Quiz 7: Responding to health risks
Please choose the one, most correct answer to each question or statement.
- What is primary prevention?
- Preventing infections in primary school children
- Identifying and removing risk factors before they cause harm
- Providing primary care to a community
- Preventing the commonest cause of death in a population
- What is secondary prevention?
- Preventing sport injuries in boys attending high school
- Preventing the spread of primary cancers to other parts of the body
- Identifying and treating a condition early to return the person to full health and often cure the patient
- Preventing the second most common cause of death in a community
- What is tertiary prevention?
- Makes sure that a person with an established health problem can function as fully as possible
- The most effective form of preventing a medical condition
- Preventing health problems in students at a university health clinic
- Curing a condition when the first and second line of treatment has failed
- What is a common problem with primary prevention?
- It is usually very expensive
- If often is not effective
- Consent has to be obtained from parents
- It has to be applied to many to benefit only a few
- What is an important drawback of screening for disease?
- It is easier to diagnose a disease when it first presents with symptoms and signs
- It is usually cheaper to treat established disease than pay for a screening programme
- There is an emotional cost when someone is diagnosed through screening while they still feel perfectly healthy
- It would be better if health workers looked after sick people than screen well people
- What is essential for a good screening programme?

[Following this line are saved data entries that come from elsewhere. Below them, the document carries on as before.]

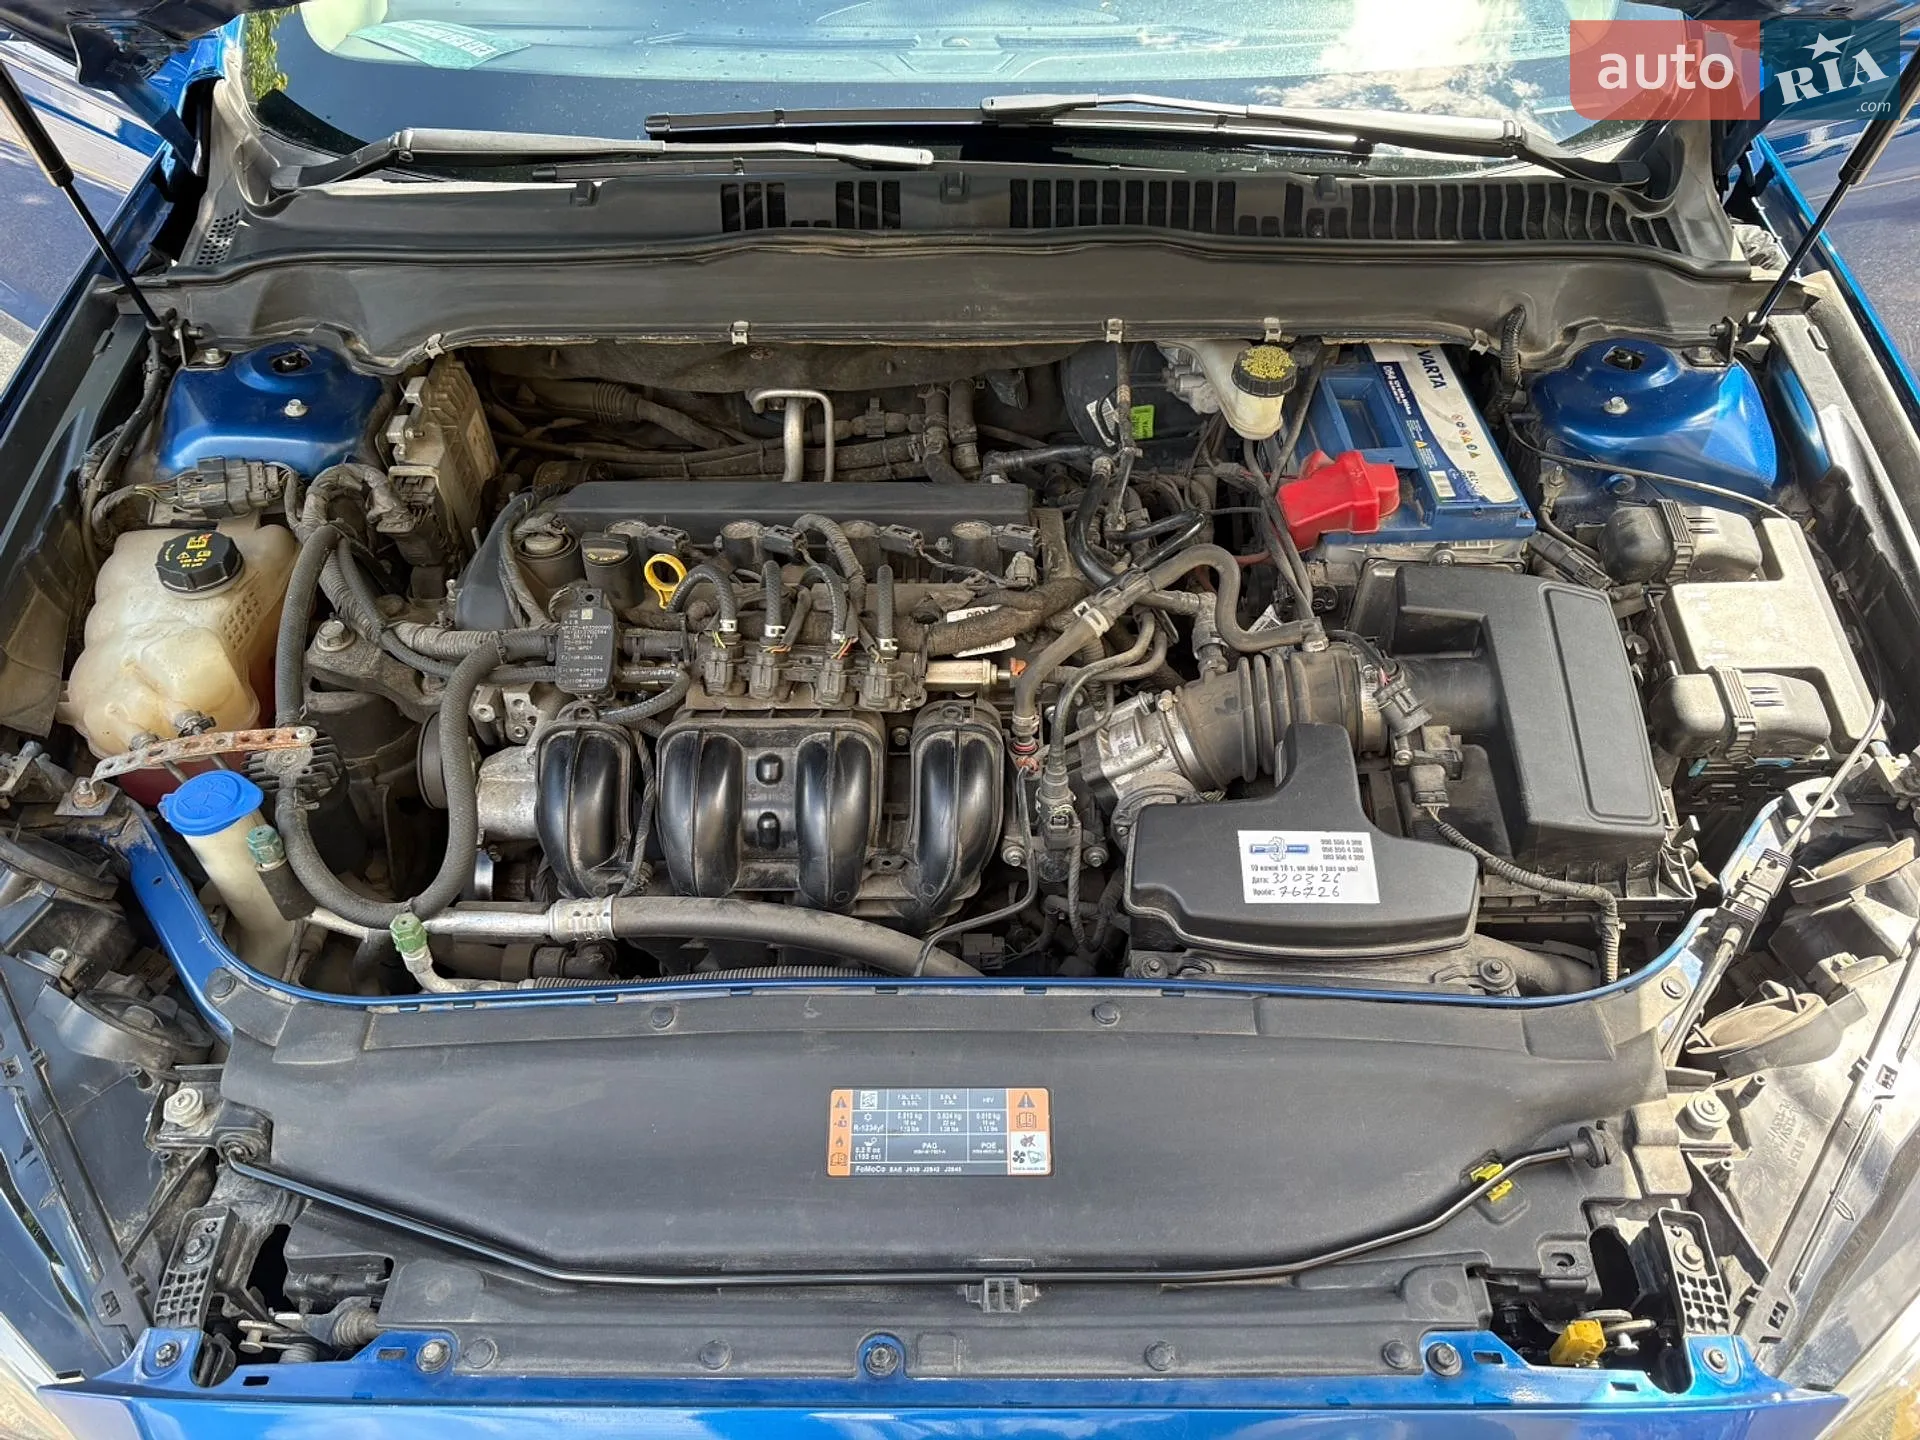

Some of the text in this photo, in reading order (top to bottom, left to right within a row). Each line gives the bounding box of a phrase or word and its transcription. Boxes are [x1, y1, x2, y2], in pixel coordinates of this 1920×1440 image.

[1417, 349, 1447, 390] VARTA
[1252, 876, 1270, 884] Дата:
[1279, 886, 1340, 898] 76726
[853, 1124, 884, 1134] R-1234yf
[980, 1141, 997, 1149] POE
[855, 1165, 886, 1173] FoMoCo

- There must be an effective treatment for the condition being screened for
- It should be an uncommon and not very serious disease
- Price is not important if it is a good test
- People should be able to do the test themselves
- What is one of the criteria for a good screening test?
- Everybody it identifies must have the disease
- It should be very cheap
- It should be particularly sensitive in children and younger people
- It should pick up nearly all the people who have the disease
- What is risk reduction in healthcare?
- Screening a community for risk factors
- Both identifying the risk and removing it at source
- Reducing complications of a malfunctioning health system
- Reducing the risk that patients will sue the healthcare system
- What is risk mitigation in healthcare?
- Trying to reduce the consequences of a risk
- Trying to reduce the risk altogether
- Moving a risk from one community to another
- The same as both primary and secondary prevention
- What is the “one health” approach to reducing health risks?

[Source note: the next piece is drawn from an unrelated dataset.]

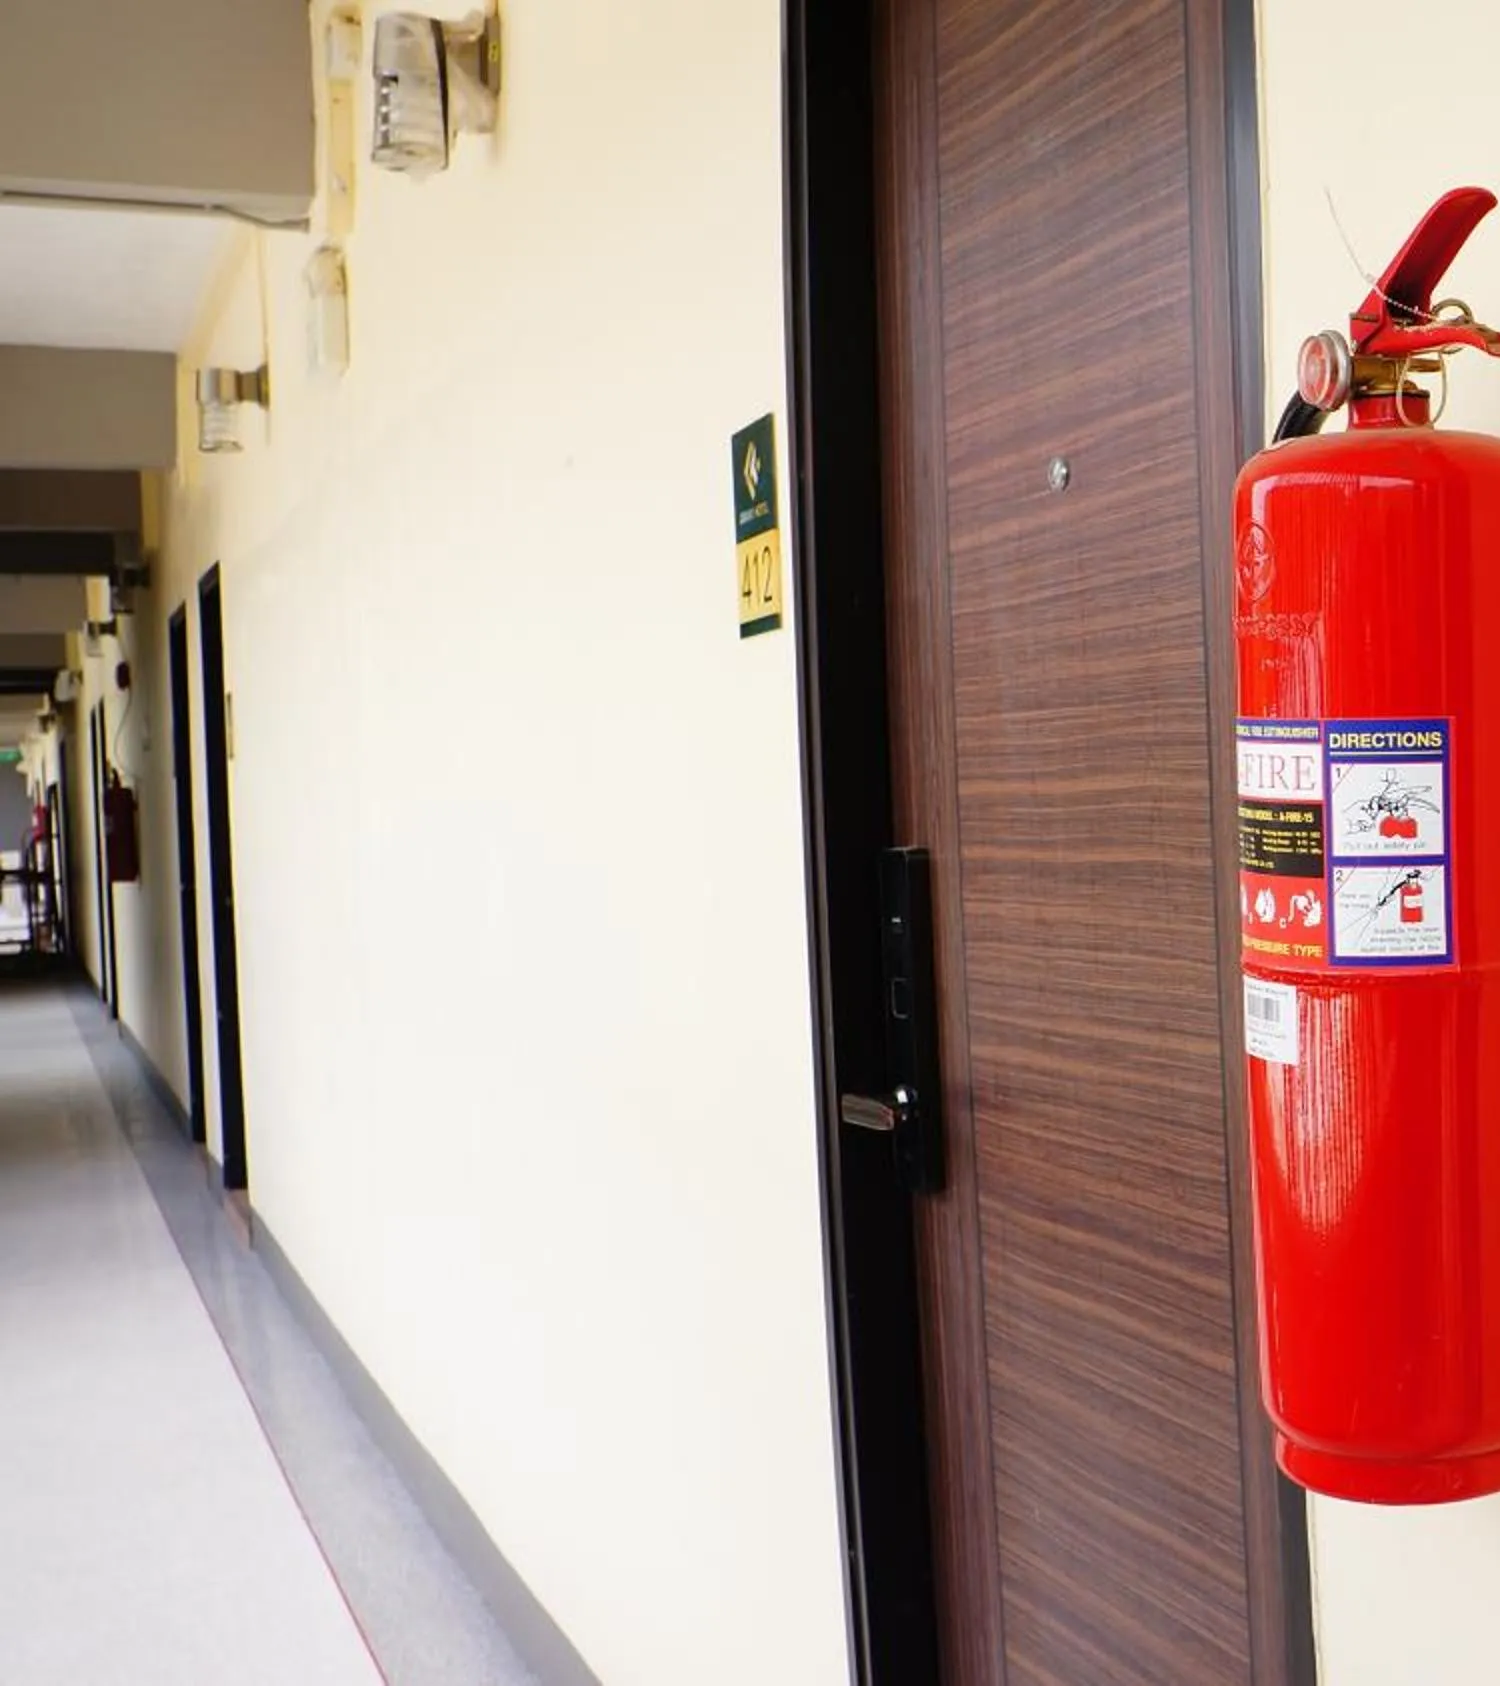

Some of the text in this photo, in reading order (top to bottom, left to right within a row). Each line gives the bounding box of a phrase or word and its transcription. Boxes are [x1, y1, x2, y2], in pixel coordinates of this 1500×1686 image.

- Providing all levels of care at one facility
- Trying to find one treatment that will improve a number of chronic health conditions
- Recognising that the health of people, animals and the environment are linked and dependent on each other
- Combining primary, secondary and tertiary prevention into a single service
- What is a healthcare system?
- A plan to only provide healthcare to those who can afford private care
- A computer system which controls the distribution of funds
- A method of training health workers to be “patient friendly”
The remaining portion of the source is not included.